The risk of developing moyamoya syndrome is highest for patients who are irradiated for tumors typically located around the circle of Willis where the moyamoya pathognomonic vascular changes occur, such as optic glioma, craniopharyngioma, and germ cell tumors23). Optic glioma is of particular interest. According to the study mentioned above, in the 12 moyamoya syndrome patients, 10 patients received radiation for an optic glioma48). Many optic gliomas develop on the NF-1 background. NF-1 is an independent risk factor for moyamoya syndrome33). Therefore, there is an additive or even synergistic risk for moyamoya vasculopathy if these factors, which include NF-1, optic glioma, and irradiation, are combined in the same patient. There seems to present a dose-response relationship between radiation and moyamoya syndrome with increasing risks with escalating radiation dosage, especially over 50 Gy48). It is noteworthy that NF-1 patients are vulnerable to lower dose radiation. In a study of 54 patients with radiation-induced moyamoya syndrome, the average radiation dose was 46.5 Gy for NF-1 patients and 58.1 Gy for patients without NF-18). Radiation-induced moyamoya syndrome occurs predominantly in children. Studies suggested that younger age at the time of irradiation increased the risk of moyamoya syndrome8,33).
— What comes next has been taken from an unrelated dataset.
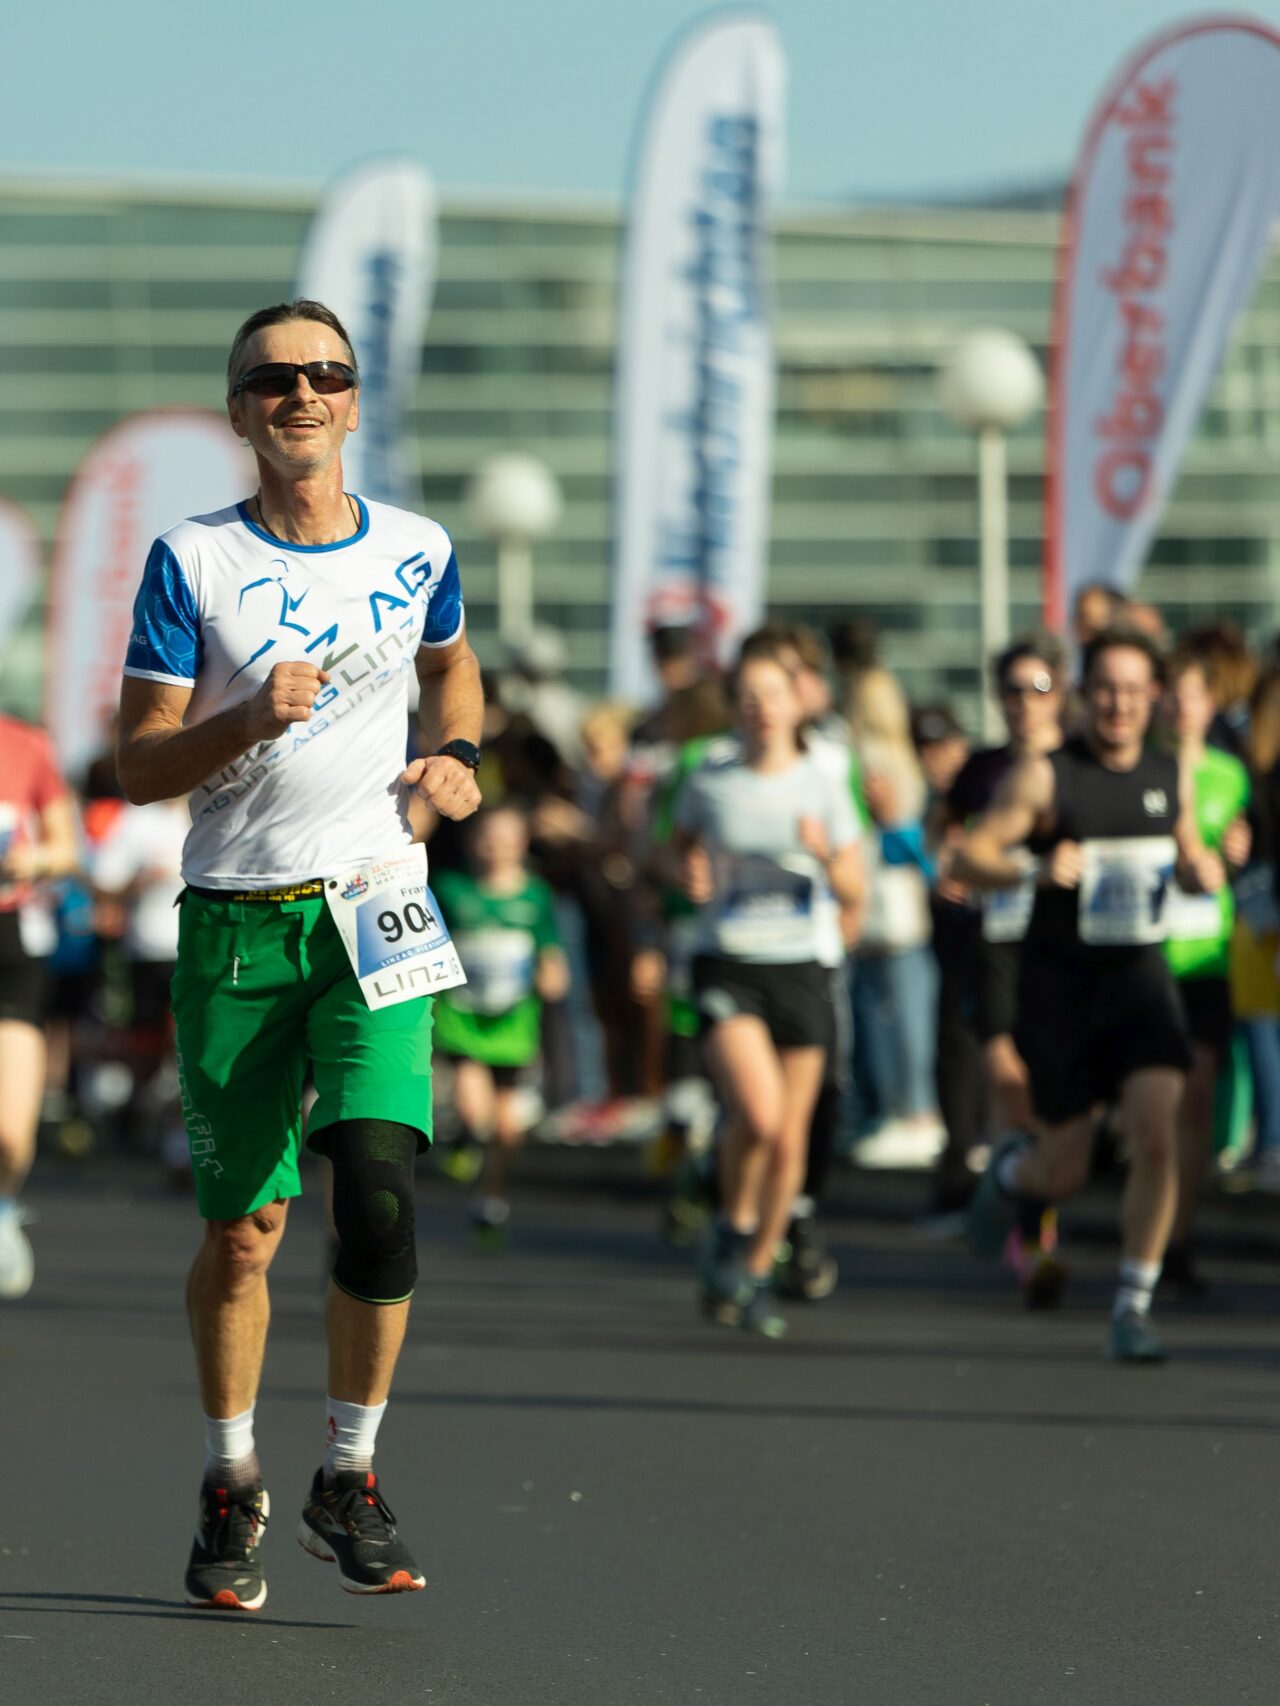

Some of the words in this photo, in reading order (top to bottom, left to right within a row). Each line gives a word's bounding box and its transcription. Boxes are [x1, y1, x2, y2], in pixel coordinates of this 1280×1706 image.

[1092, 72, 1179, 524] Oberbank
[368, 551, 432, 634] AG
[373, 960, 449, 997] LINZ
The time interval between irradiation and moyamoya symptoms onset is 2-5 years, but it is highly variable33,48).
CONCLUSIONS
Exploration of moyamoya syndrome can provide us with a different insight into moyamoya disease pathogenesis. It also confers a clinically valuable guide to manage the tricky diseases associated with moyamoya syndrome. And more importantly, many of the associated conditions were often weirdly interrelated. The interrelationship of NF-1, optic glioma, and irradiation is one example, and the immunological hypothesis binding Down syndrome, Graves' disease, and moyamoya disease together is another. More comprehensive epidemiological, genetic, and clinical studies will reveal the unknown facts and hidden links connecting all moyamoya-like vascular phenomena in the future.